→ **REQUIRED ACTION**:
Type out all the records word for word. Any pictures are to be left out.

Records drawn from a dataset
⟨
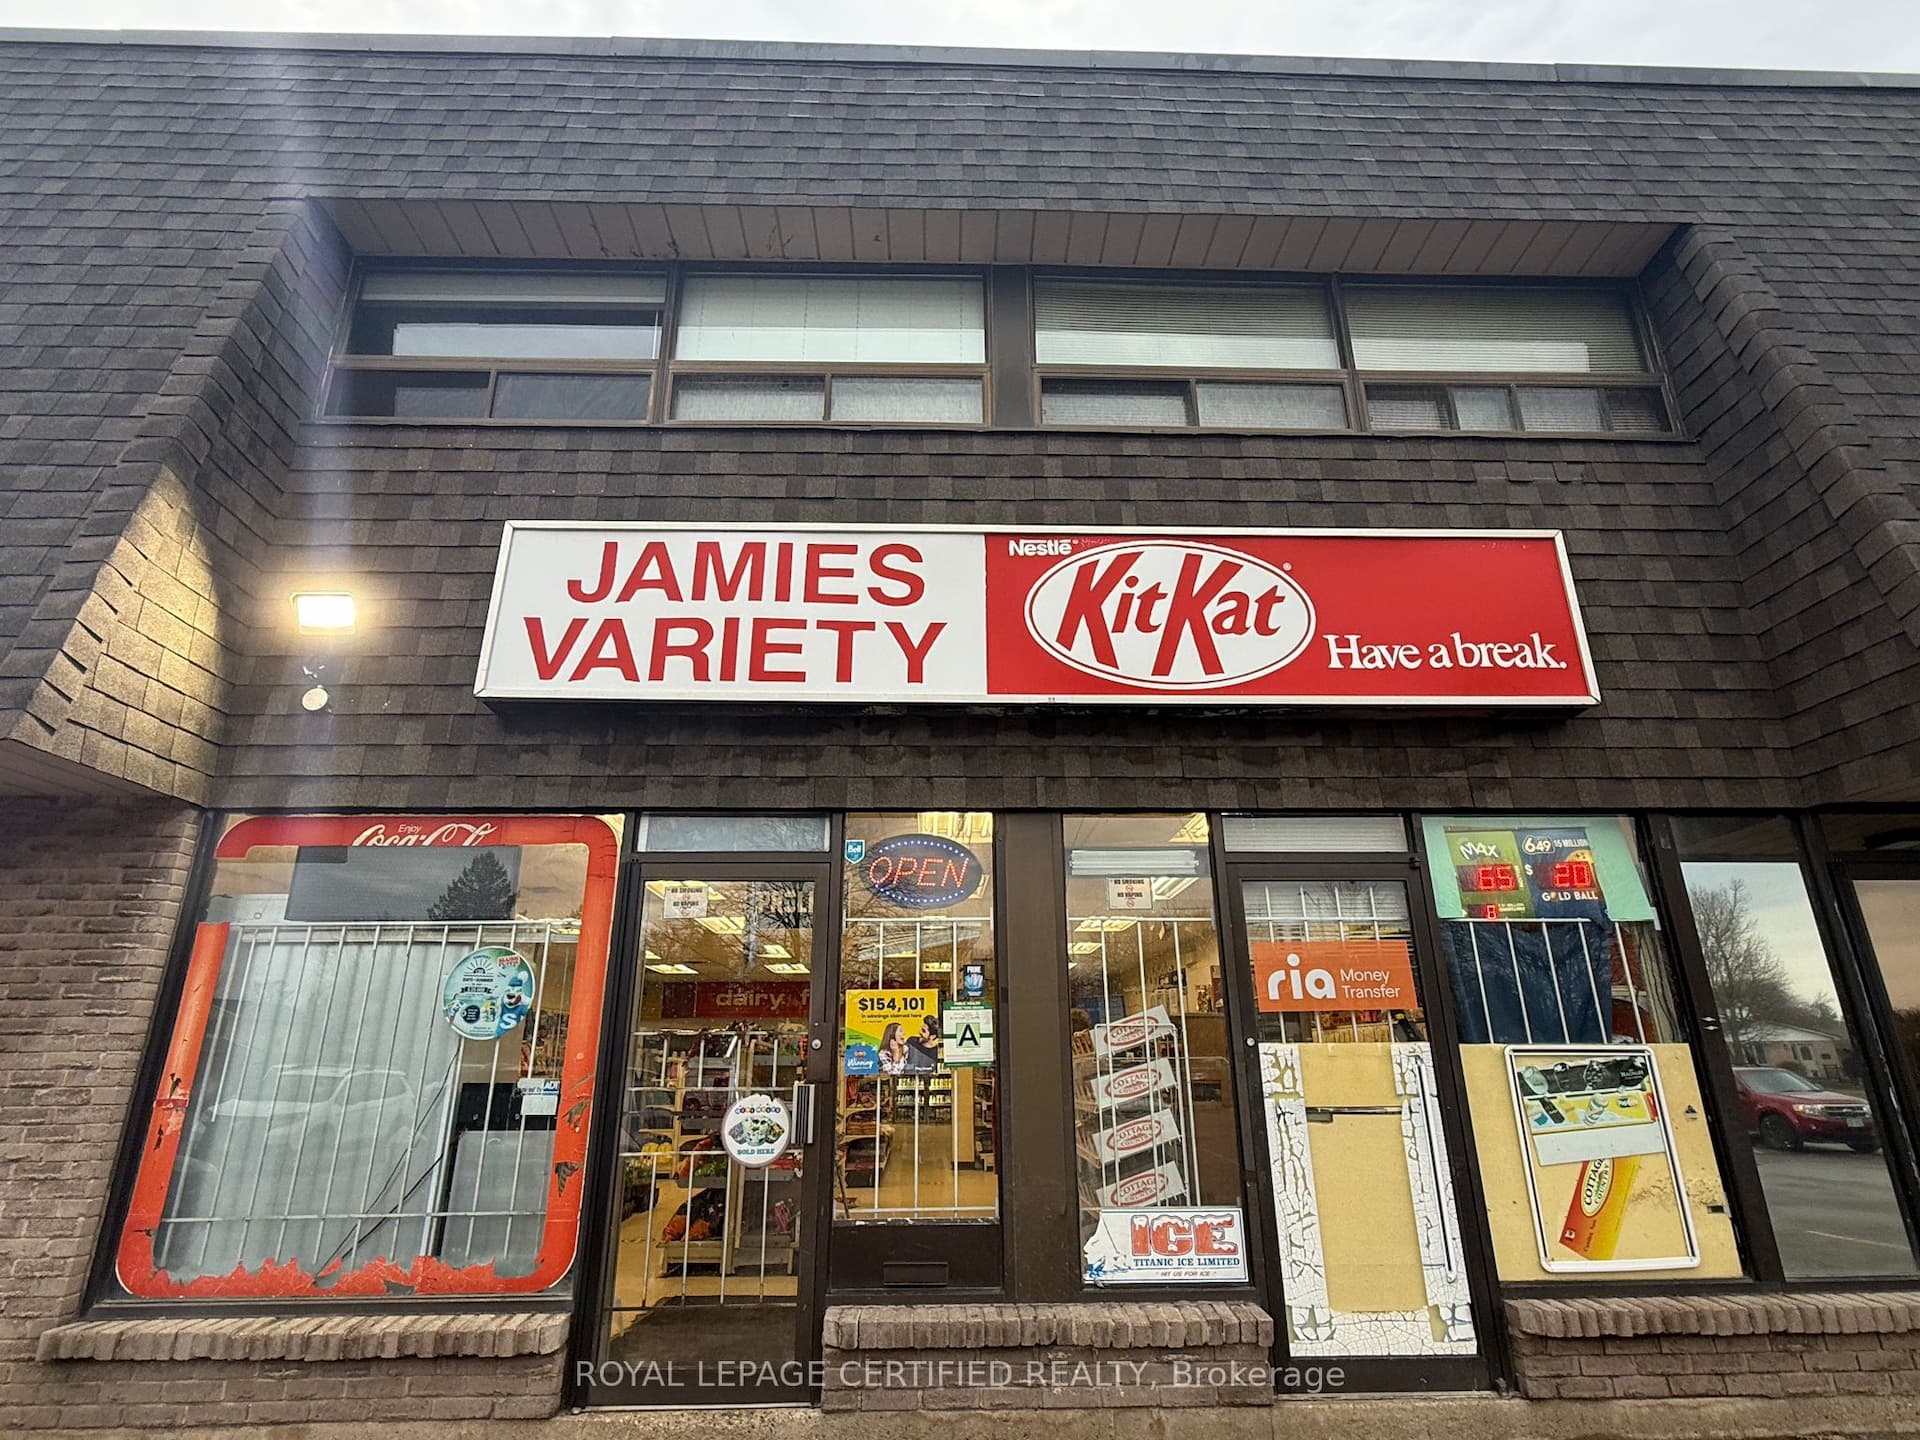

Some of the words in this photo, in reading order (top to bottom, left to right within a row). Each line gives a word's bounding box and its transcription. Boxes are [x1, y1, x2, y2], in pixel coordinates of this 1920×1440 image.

[567, 541, 926, 606] JAMIES
[1055, 551, 1286, 677] KitKat
[523, 616, 948, 684] VARIETY
[1322, 634, 1423, 670] Have
[1428, 643, 1453, 669] a
[1450, 632, 1568, 669] break.
[398, 823, 423, 834] Enjoy
[847, 844, 861, 853] Bell
[868, 856, 970, 888] OPEN
[1480, 866, 1515, 890] 65
[1554, 863, 1590, 888] 20
[1574, 891, 1599, 901] BALL
[1486, 904, 1497, 920] 8
[1267, 953, 1337, 1001] ria
[1340, 968, 1390, 983] Money
[715, 989, 785, 1011] dairy
[1342, 985, 1401, 999] Transfer
[858, 997, 926, 1013] $154,101
[958, 1024, 980, 1046] A
[847, 1058, 874, 1070] Winning
[1594, 1163, 1610, 1204] COUNTRY
[1130, 1213, 1240, 1257] ICE
[1133, 1259, 1174, 1267] TITANIC
[1177, 1259, 1195, 1267] ICE
[1197, 1257, 1240, 1266] LIMITED
⟩
→ **REPLY TO THE TASK**:
Some of the words in this photo, in reading order (top to bottom, left to right within a row). Each line gives a word's bounding box and its transcription. Boxes are [x1, y1, x2, y2], in pixel coordinates of this 1920×1440 image.

[567, 541, 926, 606] JAMIES
[1055, 551, 1286, 677] KitKat
[523, 616, 948, 684] VARIETY
[1322, 634, 1423, 670] Have
[1428, 643, 1453, 669] a
[1450, 632, 1568, 669] break.
[398, 823, 423, 834] Enjoy
[847, 844, 861, 853] Bell
[868, 856, 970, 888] OPEN
[1480, 866, 1515, 890] 65
[1554, 863, 1590, 888] 20
[1574, 891, 1599, 901] BALL
[1486, 904, 1497, 920] 8
[1267, 953, 1337, 1001] ria
[1340, 968, 1390, 983] Money
[715, 989, 785, 1011] dairy
[1342, 985, 1401, 999] Transfer
[858, 997, 926, 1013] $154,101
[958, 1024, 980, 1046] A
[847, 1058, 874, 1070] Winning
[1594, 1163, 1610, 1204] COUNTRY
[1130, 1213, 1240, 1257] ICE
[1133, 1259, 1174, 1267] TITANIC
[1177, 1259, 1195, 1267] ICE
[1197, 1257, 1240, 1266] LIMITED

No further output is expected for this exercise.